### Your assignment:
What appears in the data must be reproduced exactly.

====== Data provided

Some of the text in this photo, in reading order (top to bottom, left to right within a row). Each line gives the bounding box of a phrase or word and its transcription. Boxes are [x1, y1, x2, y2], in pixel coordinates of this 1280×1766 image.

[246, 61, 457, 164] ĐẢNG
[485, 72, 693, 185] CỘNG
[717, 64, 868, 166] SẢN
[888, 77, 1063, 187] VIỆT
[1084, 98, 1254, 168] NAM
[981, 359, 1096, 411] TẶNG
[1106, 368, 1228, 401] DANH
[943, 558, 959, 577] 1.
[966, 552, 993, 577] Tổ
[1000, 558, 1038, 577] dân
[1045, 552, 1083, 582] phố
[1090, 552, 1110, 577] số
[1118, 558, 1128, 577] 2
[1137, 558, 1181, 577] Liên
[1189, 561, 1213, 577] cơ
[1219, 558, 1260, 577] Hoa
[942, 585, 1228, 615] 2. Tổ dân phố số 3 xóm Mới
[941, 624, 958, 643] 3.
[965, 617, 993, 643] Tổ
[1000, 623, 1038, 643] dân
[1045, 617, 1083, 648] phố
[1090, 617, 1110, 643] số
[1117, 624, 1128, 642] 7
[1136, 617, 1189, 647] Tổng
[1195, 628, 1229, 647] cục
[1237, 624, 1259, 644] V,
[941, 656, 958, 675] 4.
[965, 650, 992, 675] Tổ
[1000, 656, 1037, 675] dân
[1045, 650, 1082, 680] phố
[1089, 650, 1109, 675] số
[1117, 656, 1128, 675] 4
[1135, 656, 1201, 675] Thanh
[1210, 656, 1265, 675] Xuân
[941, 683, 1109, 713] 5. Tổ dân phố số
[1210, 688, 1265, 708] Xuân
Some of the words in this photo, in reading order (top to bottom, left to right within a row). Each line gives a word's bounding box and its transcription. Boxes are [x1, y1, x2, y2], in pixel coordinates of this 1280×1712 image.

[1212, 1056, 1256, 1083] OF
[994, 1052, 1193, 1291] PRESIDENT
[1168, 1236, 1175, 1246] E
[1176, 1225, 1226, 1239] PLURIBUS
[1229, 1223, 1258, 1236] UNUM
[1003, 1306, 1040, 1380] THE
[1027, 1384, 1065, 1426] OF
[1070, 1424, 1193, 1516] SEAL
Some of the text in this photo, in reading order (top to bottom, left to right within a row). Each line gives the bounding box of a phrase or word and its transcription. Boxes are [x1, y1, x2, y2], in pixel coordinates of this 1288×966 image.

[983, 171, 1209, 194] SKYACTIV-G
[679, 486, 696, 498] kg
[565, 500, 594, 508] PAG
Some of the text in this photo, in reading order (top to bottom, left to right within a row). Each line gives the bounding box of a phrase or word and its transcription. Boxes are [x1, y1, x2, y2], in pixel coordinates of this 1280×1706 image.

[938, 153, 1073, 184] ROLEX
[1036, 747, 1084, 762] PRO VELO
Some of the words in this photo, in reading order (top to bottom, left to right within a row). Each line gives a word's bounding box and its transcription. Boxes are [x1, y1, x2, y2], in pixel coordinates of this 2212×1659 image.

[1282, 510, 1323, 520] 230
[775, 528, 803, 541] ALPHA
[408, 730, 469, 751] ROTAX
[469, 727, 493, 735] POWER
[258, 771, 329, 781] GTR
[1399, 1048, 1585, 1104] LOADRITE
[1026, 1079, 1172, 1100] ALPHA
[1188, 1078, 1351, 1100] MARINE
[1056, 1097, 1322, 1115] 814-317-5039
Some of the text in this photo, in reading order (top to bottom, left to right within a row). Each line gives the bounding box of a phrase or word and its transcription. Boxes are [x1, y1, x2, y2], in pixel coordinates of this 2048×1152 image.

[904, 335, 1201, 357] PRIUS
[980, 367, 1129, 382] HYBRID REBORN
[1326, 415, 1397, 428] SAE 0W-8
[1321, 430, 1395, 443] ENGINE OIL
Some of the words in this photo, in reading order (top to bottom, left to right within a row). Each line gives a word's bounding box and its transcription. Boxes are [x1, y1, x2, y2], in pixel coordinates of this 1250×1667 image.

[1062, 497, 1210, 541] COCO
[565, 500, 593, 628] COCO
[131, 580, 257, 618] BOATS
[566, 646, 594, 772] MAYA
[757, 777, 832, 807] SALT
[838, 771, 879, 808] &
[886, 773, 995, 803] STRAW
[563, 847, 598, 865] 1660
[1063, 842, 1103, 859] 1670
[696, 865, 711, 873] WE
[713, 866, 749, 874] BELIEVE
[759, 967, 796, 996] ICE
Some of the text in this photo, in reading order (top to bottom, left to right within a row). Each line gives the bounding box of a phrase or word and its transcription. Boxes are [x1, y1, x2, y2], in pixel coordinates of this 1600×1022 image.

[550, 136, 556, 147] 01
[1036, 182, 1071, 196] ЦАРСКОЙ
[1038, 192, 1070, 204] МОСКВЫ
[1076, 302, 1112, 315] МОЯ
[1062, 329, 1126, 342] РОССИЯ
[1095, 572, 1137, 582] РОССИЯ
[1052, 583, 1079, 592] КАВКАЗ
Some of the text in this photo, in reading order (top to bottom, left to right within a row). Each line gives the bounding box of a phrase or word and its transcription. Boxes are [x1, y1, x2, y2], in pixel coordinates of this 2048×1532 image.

============

### Task result:
Some of the text in this photo, in reading order (top to bottom, left to right within a row). Each line gives the bounding box of a phrase or word and its transcription. Boxes are [x1, y1, x2, y2], in pixel coordinates of this 1280×1766 image.

[246, 61, 457, 164] ĐẢNG
[485, 72, 693, 185] CỘNG
[717, 64, 868, 166] SẢN
[888, 77, 1063, 187] VIỆT
[1084, 98, 1254, 168] NAM
[981, 359, 1096, 411] TẶNG
[1106, 368, 1228, 401] DANH
[943, 558, 959, 577] 1.
[966, 552, 993, 577] Tổ
[1000, 558, 1038, 577] dân
[1045, 552, 1083, 582] phố
[1090, 552, 1110, 577] số
[1118, 558, 1128, 577] 2
[1137, 558, 1181, 577] Liên
[1189, 561, 1213, 577] cơ
[1219, 558, 1260, 577] Hoa
[942, 585, 1228, 615] 2. Tổ dân phố số 3 xóm Mới
[941, 624, 958, 643] 3.
[965, 617, 993, 643] Tổ
[1000, 623, 1038, 643] dân
[1045, 617, 1083, 648] phố
[1090, 617, 1110, 643] số
[1117, 624, 1128, 642] 7
[1136, 617, 1189, 647] Tổng
[1195, 628, 1229, 647] cục
[1237, 624, 1259, 644] V,
[941, 656, 958, 675] 4.
[965, 650, 992, 675] Tổ
[1000, 656, 1037, 675] dân
[1045, 650, 1082, 680] phố
[1089, 650, 1109, 675] số
[1117, 656, 1128, 675] 4
[1135, 656, 1201, 675] Thanh
[1210, 656, 1265, 675] Xuân
[941, 683, 1109, 713] 5. Tổ dân phố số
[1210, 688, 1265, 708] Xuân
Some of the words in this photo, in reading order (top to bottom, left to right within a row). Each line gives a word's bounding box and its transcription. Boxes are [x1, y1, x2, y2], in pixel coordinates of this 1280×1712 image.

[1212, 1056, 1256, 1083] OF
[994, 1052, 1193, 1291] PRESIDENT
[1168, 1236, 1175, 1246] E
[1176, 1225, 1226, 1239] PLURIBUS
[1229, 1223, 1258, 1236] UNUM
[1003, 1306, 1040, 1380] THE
[1027, 1384, 1065, 1426] OF
[1070, 1424, 1193, 1516] SEAL
Some of the text in this photo, in reading order (top to bottom, left to right within a row). Each line gives the bounding box of a phrase or word and its transcription. Boxes are [x1, y1, x2, y2], in pixel coordinates of this 1288×966 image.

[983, 171, 1209, 194] SKYACTIV-G
[679, 486, 696, 498] kg
[565, 500, 594, 508] PAG
Some of the text in this photo, in reading order (top to bottom, left to right within a row). Each line gives the bounding box of a phrase or word and its transcription. Boxes are [x1, y1, x2, y2], in pixel coordinates of this 1280×1706 image.

[938, 153, 1073, 184] ROLEX
[1036, 747, 1084, 762] PRO VELO
Some of the words in this photo, in reading order (top to bottom, left to right within a row). Each line gives a word's bounding box and its transcription. Boxes are [x1, y1, x2, y2], in pixel coordinates of this 2212×1659 image.

[1282, 510, 1323, 520] 230
[775, 528, 803, 541] ALPHA
[408, 730, 469, 751] ROTAX
[469, 727, 493, 735] POWER
[258, 771, 329, 781] GTR
[1399, 1048, 1585, 1104] LOADRITE
[1026, 1079, 1172, 1100] ALPHA
[1188, 1078, 1351, 1100] MARINE
[1056, 1097, 1322, 1115] 814-317-5039
Some of the text in this photo, in reading order (top to bottom, left to right within a row). Each line gives the bounding box of a phrase or word and its transcription. Boxes are [x1, y1, x2, y2], in pixel coordinates of this 2048×1152 image.

[904, 335, 1201, 357] PRIUS
[980, 367, 1129, 382] HYBRID REBORN
[1326, 415, 1397, 428] SAE 0W-8
[1321, 430, 1395, 443] ENGINE OIL
Some of the words in this photo, in reading order (top to bottom, left to right within a row). Each line gives a word's bounding box and its transcription. Boxes are [x1, y1, x2, y2], in pixel coordinates of this 1250×1667 image.

[1062, 497, 1210, 541] COCO
[565, 500, 593, 628] COCO
[131, 580, 257, 618] BOATS
[566, 646, 594, 772] MAYA
[757, 777, 832, 807] SALT
[838, 771, 879, 808] &
[886, 773, 995, 803] STRAW
[563, 847, 598, 865] 1660
[1063, 842, 1103, 859] 1670
[696, 865, 711, 873] WE
[713, 866, 749, 874] BELIEVE
[759, 967, 796, 996] ICE
Some of the text in this photo, in reading order (top to bottom, left to right within a row). Each line gives the bounding box of a phrase or word and its transcription. Boxes are [x1, y1, x2, y2], in pixel coordinates of this 1600×1022 image.

[550, 136, 556, 147] 01
[1036, 182, 1071, 196] ЦАРСКОЙ
[1038, 192, 1070, 204] МОСКВЫ
[1076, 302, 1112, 315] МОЯ
[1062, 329, 1126, 342] РОССИЯ
[1095, 572, 1137, 582] РОССИЯ
[1052, 583, 1079, 592] КАВКАЗ
Some of the text in this photo, in reading order (top to bottom, left to right within a row). Each line gives the bounding box of a phrase or word and its transcription. Boxes are [x1, y1, x2, y2], in pixel coordinates of this 2048×1532 image.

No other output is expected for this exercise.